Capítulo. LXIV
Siglo XVII, 1697, 10 de octubre
1:43 P.M.
—Y ahora qué —espeto, recostada en el césped del huerto.
—¿Todavía no te salen gusanos en el estómago? —me pregunta curiosa.
—Tristemente no.
—Qué mal. —Las dos nos reímos y rodamos en la tierra.
—¿Vamos a ver a flor?
—¡¡Sí!! —exclama, levantándose energéticamente.
Entramos al castillo por la parte de la cocina para salir por la entrada y correr hacia el cuartel. A un costado estaba un establo pequeño y como ya no quedaban muchos caballeros solo están dentro los animales que van a competir en las justas o en otra categoría.
—Disculpe —le hablo a un señor que caminaba por ahí—, ¿usted se encarga del establo?
—Sí, soy uno de los hombres encargados. ¿En qué le puedo ayudar joven y señorita?
—Quería ver si puedo sacar a mi caballo para darle una vuelta, hace mucho que no vengo a visitarlo —le explico rápidamente.

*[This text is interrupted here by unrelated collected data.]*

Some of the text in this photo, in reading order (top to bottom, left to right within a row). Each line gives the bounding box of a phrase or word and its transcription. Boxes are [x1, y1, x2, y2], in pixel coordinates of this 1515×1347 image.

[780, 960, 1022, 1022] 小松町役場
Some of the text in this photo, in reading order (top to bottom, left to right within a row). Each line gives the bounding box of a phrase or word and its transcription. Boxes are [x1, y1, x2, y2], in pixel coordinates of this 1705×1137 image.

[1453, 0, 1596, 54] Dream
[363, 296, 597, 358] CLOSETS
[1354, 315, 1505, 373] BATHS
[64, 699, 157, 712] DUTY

—¡Claro! Apuesto a que lo espera con ansias —me dice con una sonrisa.
Nos dirigimos a los establos y busqué a flor en una de las divisiones.
—¡Esta es! —exclama Dabria alegre.
—¿La única yegua? —nos pregunta a las dos.
—Sí —le digo.
Nos ayudó a sacarla y equiparla para poder montarla, también me prestó un banco para ayudar a Dabria a subir.

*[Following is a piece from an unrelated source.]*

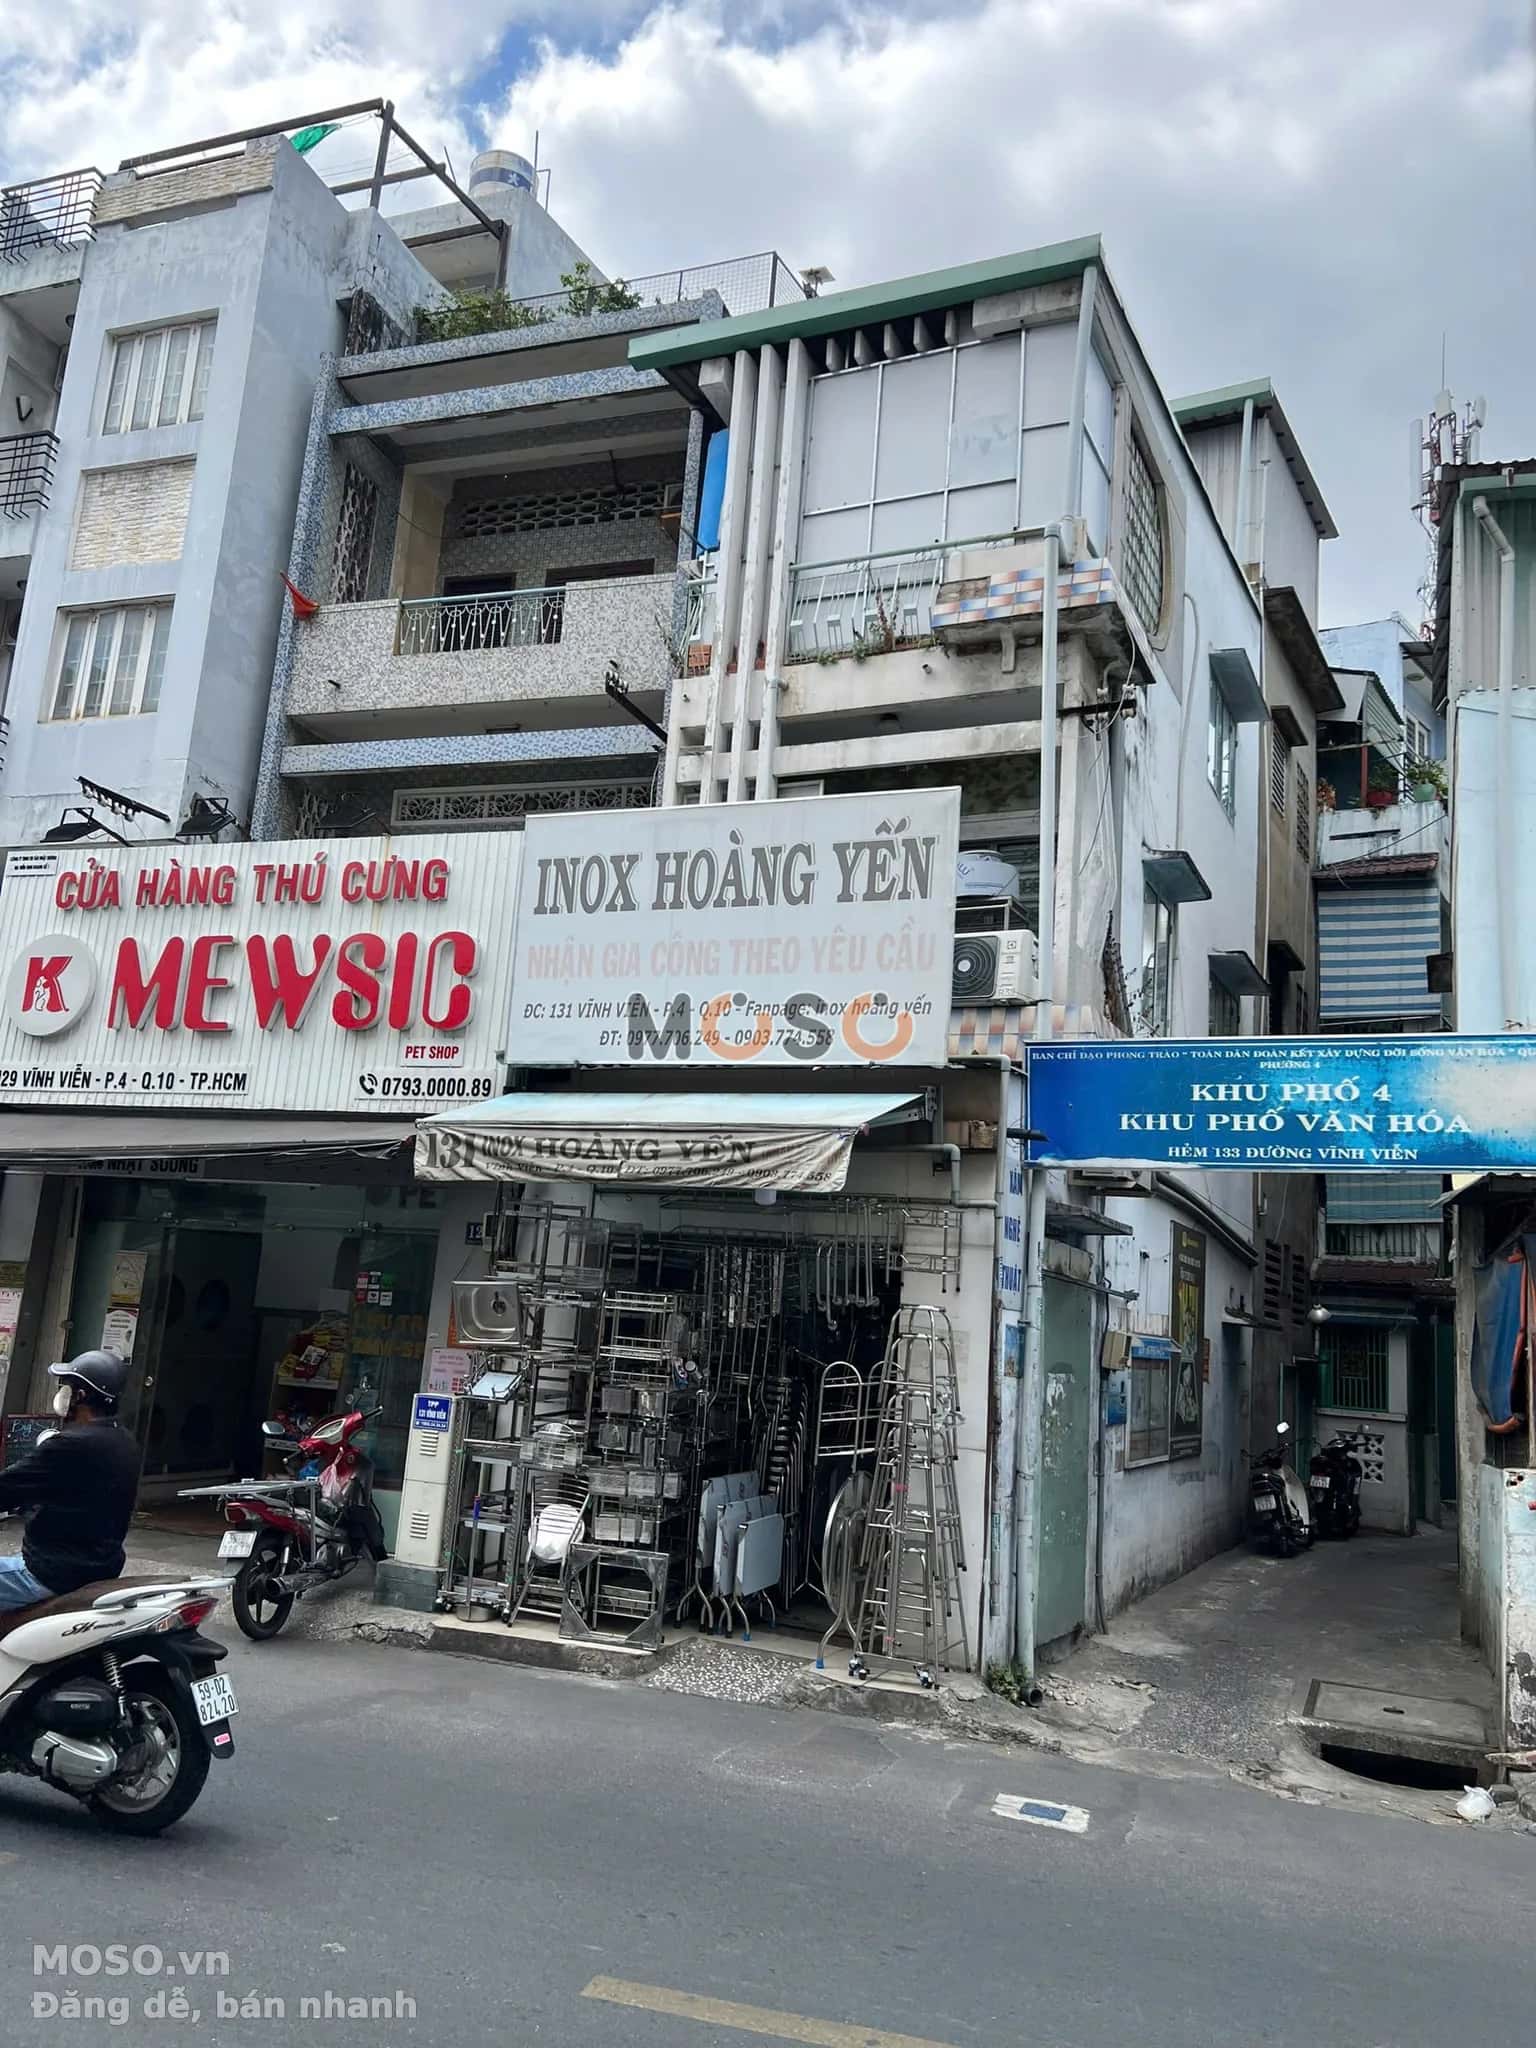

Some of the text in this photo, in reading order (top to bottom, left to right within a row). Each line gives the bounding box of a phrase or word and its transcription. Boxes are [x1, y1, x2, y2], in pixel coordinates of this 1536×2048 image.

—Es uno de los animales más rápidos del establo, no sabía que era de usted joven.
—Lo es, pero está en su naturaleza yo no hice nada —le confieso entre risitas recordando la última vez que practiqué con ella—. Oh, le quería preguntar ¿sabe qué les dijeron a los herreros sobre el torneo?
—Acerca de eso... Dijeron que había un golpe económico del cual el reino tenía que recuperarse y dejaron congelados los juegos, no sé cuándo regresarán —me explica.
Antes de que pudiera decir algo la princesa habló.
—Mañana harán la apertura, aunque los ganadores pasados aún están aquí —le dice al señor.
—Muchas gracias por su ayuda —concluyo—, espero poder encontrarlo cuando regresemos.
—Aquí estaré.
Con ayuda del banco me subí enfrente de Dabria, fuimos despacio hasta la espalda del castillo y ahí azoté las riendas de flor. Dabria se rio detrás de mí, rebosante de alegría, y una sonrisa se pintó en mi rostro al escucharla.
Flor corría suavemente, como si supiera que debía tener cuidado, la princesa se aferró a mí y yo por fin comprendí como jinetear a Flor.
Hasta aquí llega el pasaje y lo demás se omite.